* Action item: Repeat all of the records exactly, leaving out the pictures.

* Input:
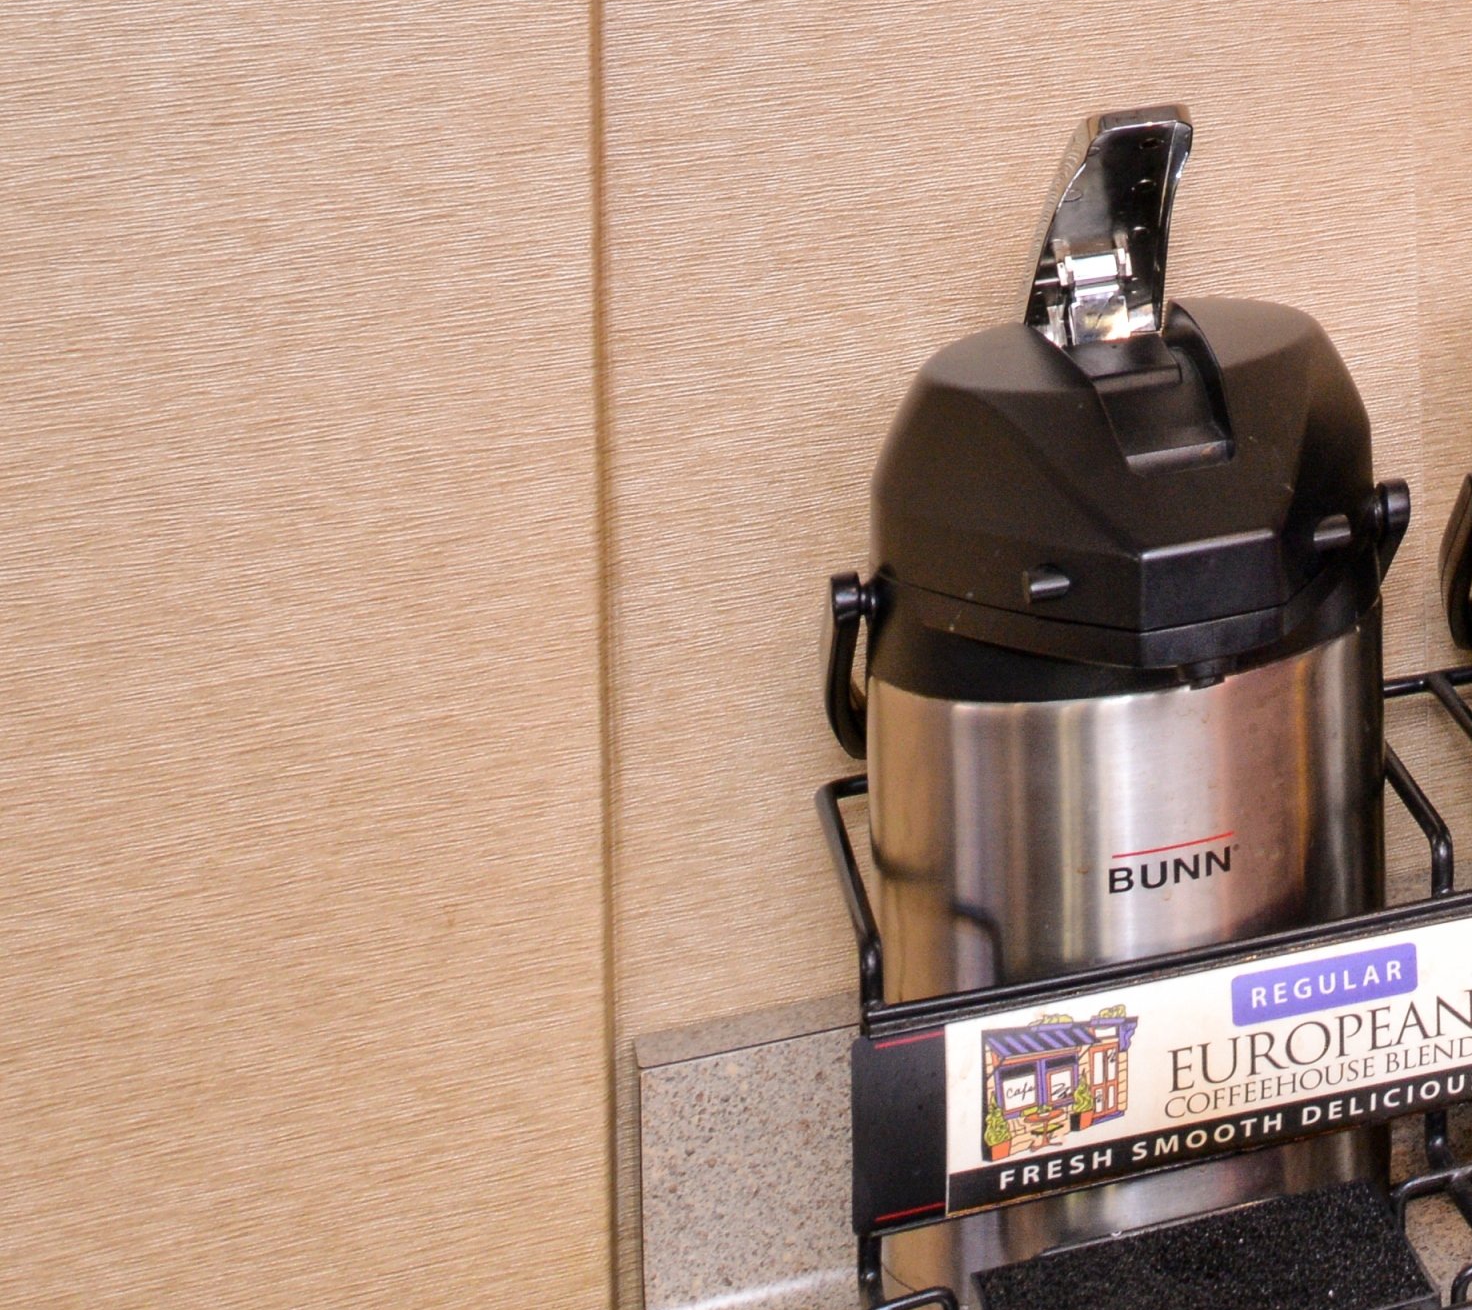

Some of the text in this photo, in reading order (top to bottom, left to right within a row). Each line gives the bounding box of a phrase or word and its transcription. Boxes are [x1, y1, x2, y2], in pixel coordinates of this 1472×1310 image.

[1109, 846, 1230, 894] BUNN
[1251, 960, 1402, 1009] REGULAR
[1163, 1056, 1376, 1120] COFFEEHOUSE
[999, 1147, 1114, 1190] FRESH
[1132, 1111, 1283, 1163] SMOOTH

* Completed task:
Some of the text in this photo, in reading order (top to bottom, left to right within a row). Each line gives the bounding box of a phrase or word and its transcription. Boxes are [x1, y1, x2, y2], in pixel coordinates of this 1472×1310 image.

[1109, 846, 1230, 894] BUNN
[1251, 960, 1402, 1009] REGULAR
[1163, 1056, 1376, 1120] COFFEEHOUSE
[999, 1147, 1114, 1190] FRESH
[1132, 1111, 1283, 1163] SMOOTH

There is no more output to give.